Em entrevista à Record, o presidente Lula destacou que “brincar” com a taxação internacional só levaria a um jogo de retaliações sucessivas, um processo exponencial em que um aumento de 50% seria prontamente respondido com outro de igual magnitude. Um duelo que não termina por exaustão, quando um dos lados resolve, politicamente, recuar. E até aqui, não foi o Brasil quem piscou. Ao contrário do governo japonês, que, quando sujeito à mesma pressão protecionista, sinalizou rapidamente o interesse em renegociar, o Palácio do Planalto parece disposto a não ser o primeiro a ceder.

O tom adotado pelo governo deixa isso claro. Segundo o Ministro da Agricultura, Carlos Fávaro, o Brasil deve ampliar sua presença em mercados alternativos, buscando reduzir a dependência de exportações aos EUA. O Ministério das Relações Exteriores, por sua vez, reforçou a postura ao passo que optou por devolver à Casa Branca a carta enviada por Trump, apontando seu tom ofensivo e listando as imprecisões factuais do discurso presidencial americano.

Trata-se de uma questão de tempo até que os representantes das federações agroindustriais brasileiras abandonem o silêncio e se juntem ao coro. Isso porque, no fim das contas, a situação das tarifas demonstrou que o nacionalismo performático do séquito bolsonarista não apenas prejudica o país, mas os interesses econômicos de quem antes apoiou Bolsonaro com poucas ressalvas. Mais do que isso, semelhante à tragédia de Ahab em Moby Dick, não parece haver ao lado do bolsonarismo a busca por vencer uma disputa, mas a necessidade de perpetuar uma luta como forma de manter a coesão do seu rebanho político.

Ou seja, o ex-presidente não está voltado para a construção de um projeto viável — nem mesmo para as elites —, mas sim para a sustentação de uma “guerra eterna” contra a “baleia branca”, onde a derrota importa menos do que o confronto. A ruína é uma consequência previsível, mas secundária.

À medida que se torna evidente a ausência de coerência entre as tarifas de 50% impostas pelos EUA e a realidade econômica — marcada pela integração de cadeias produtivas —, e ao passo que os mercados brasileiro e norte-americano começam a reagir, resta a pergunta: o que sobra para Donald Trump? Por enquanto, provavelmente, o velho e conhecido TACO (Trump Always Chickens Out). Afinal, duas semanas é tempo mais que suficiente para recuos — e não seria a primeira vez que o republicano voltaria atrás após bravatas desse tipo. E para o Brasil, o que sobra?
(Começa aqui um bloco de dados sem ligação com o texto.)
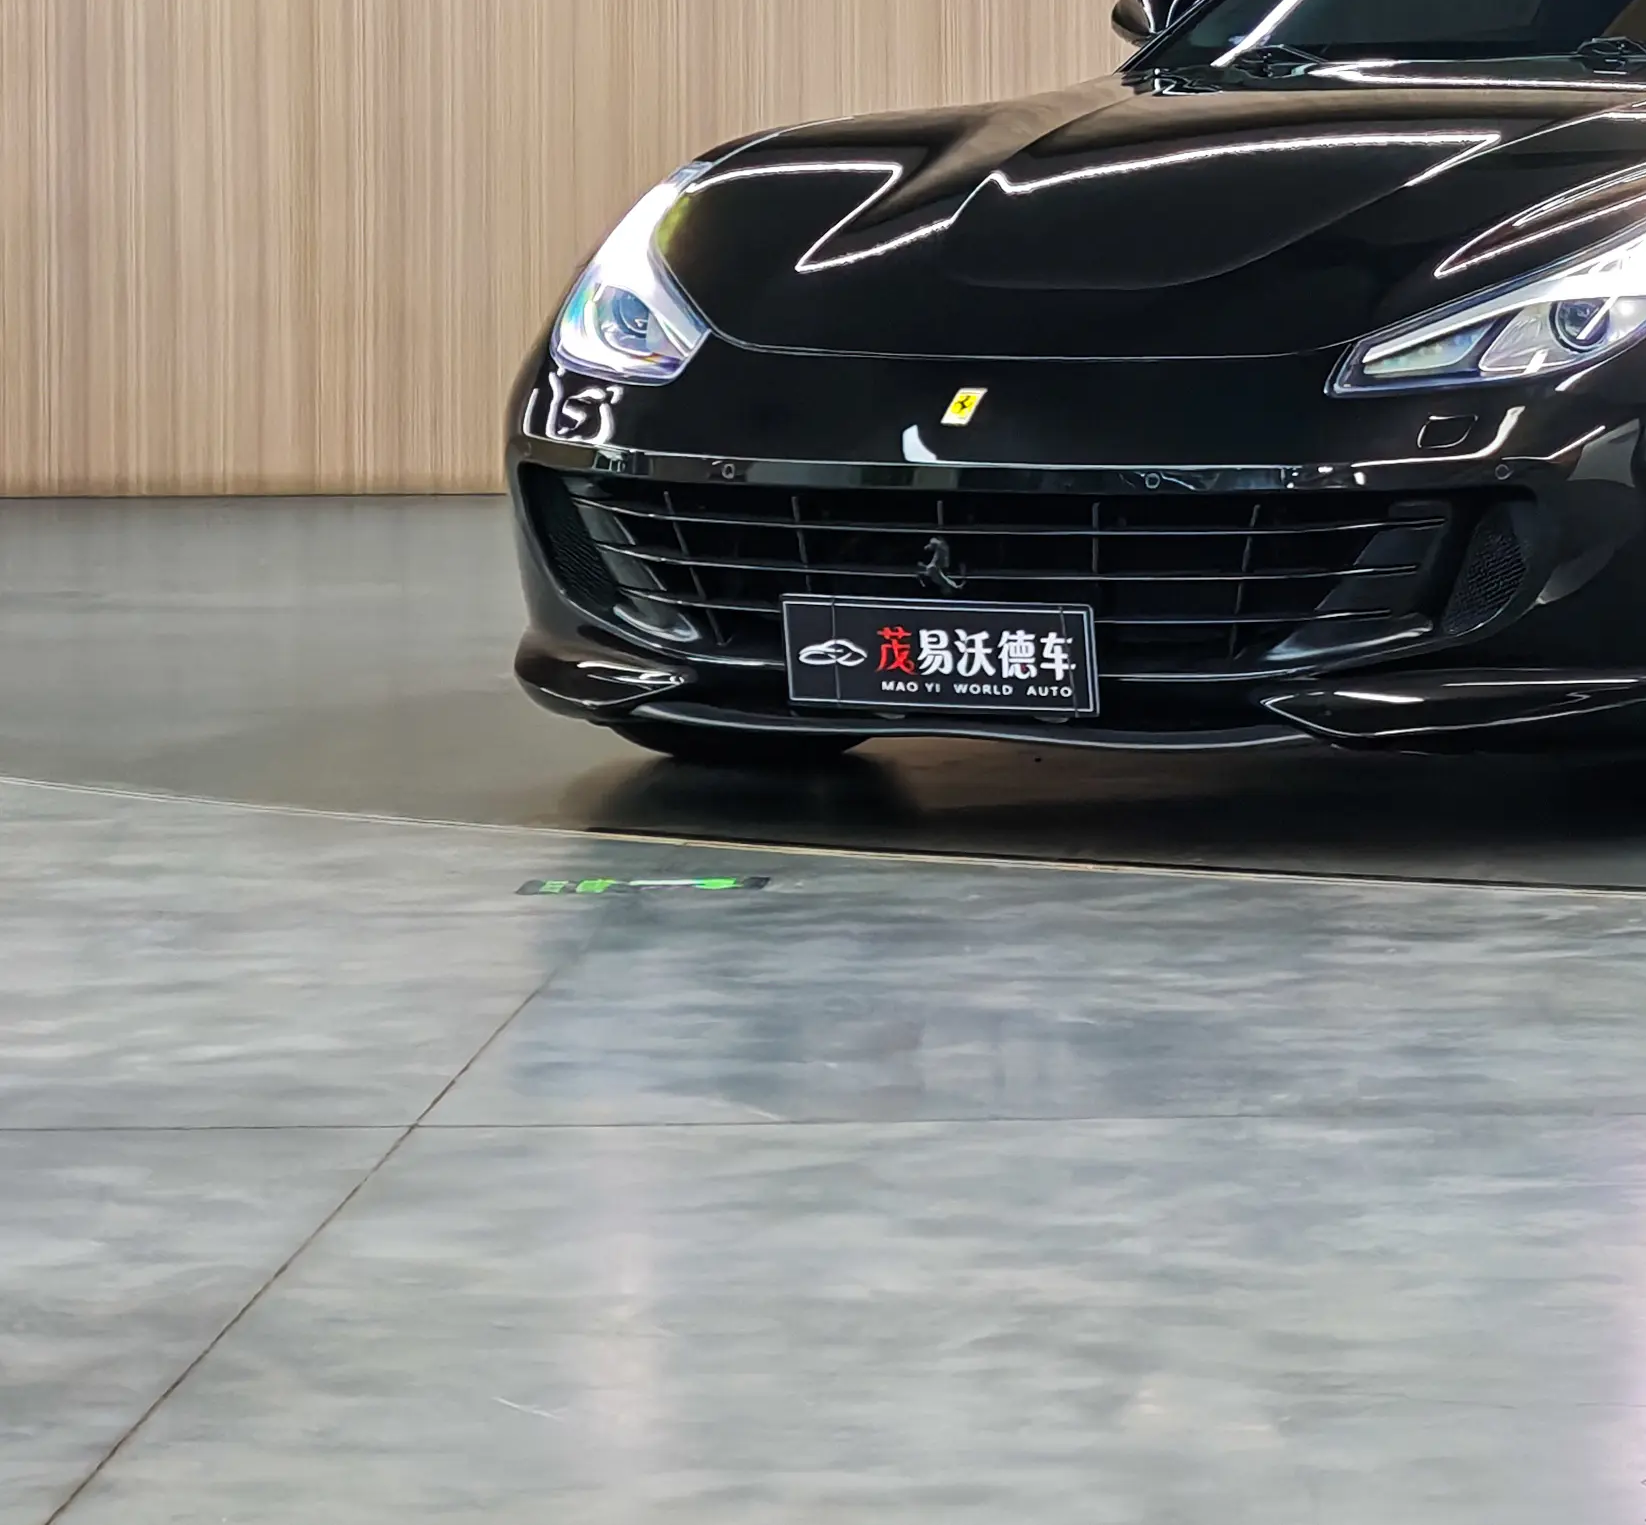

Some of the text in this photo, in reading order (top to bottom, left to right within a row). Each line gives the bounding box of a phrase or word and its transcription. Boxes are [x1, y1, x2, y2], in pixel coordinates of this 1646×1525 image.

[876, 626, 1077, 680] 茂易沃德车
[881, 681, 1073, 698] MAO YI WORLD AUTO
Embora o quadro não seja favorável, Brasília possui alguns trunfos, a começar pela capacidade de resiliência do Itamaraty em negociações bilaterais e institucionais. Sabemos que ações por violação de normas multilaterais na Organização Mundial do Comércio (OMC), buscando a restauração de cotas de aço e alumínio, por exemplo, podem parecer inócuas nesta altura do campeonato. Mas liderar esforços de diálogo em estruturas de governança pode ser uma boa alternativa, inclusive para justificar movimentos posteriores mais bruscos.

Acima de tudo, a diversificação de mercados visando o Leste e Sudeste Asiático, e a União Europeia, além do aprofundamento comercial intra-BRICS e o avanço de parcerias de infraestrutura e integração logística com a China nunca foi tão urgente. Em outras palavras, se o Governo agir com estratégia e cautela poderá transformar um choque adverso numa oportunidade histórica de reposicionamento do país no cenário global e, também, no fortalecimento de sua posição interna. Mas e quanto ao Bolsonaro? O que resta ao bolsonarismo?

Os paralelos com a jornada de Ahab, nessa situação, são pedagógicos e, da mesma forma que o destino do Capitão não foi resultante de uma força incontrolável — mas da decisão consciente de priorizar o conflito à sobrevivência coletiva —, ao bolsonarismo resta a mesma máxima que impera no romance de Melville: quando a irracionalidade substitui a razão, o naufrágio deixa de ser uma possibilidade e passa a ser apenas uma questão de tempo.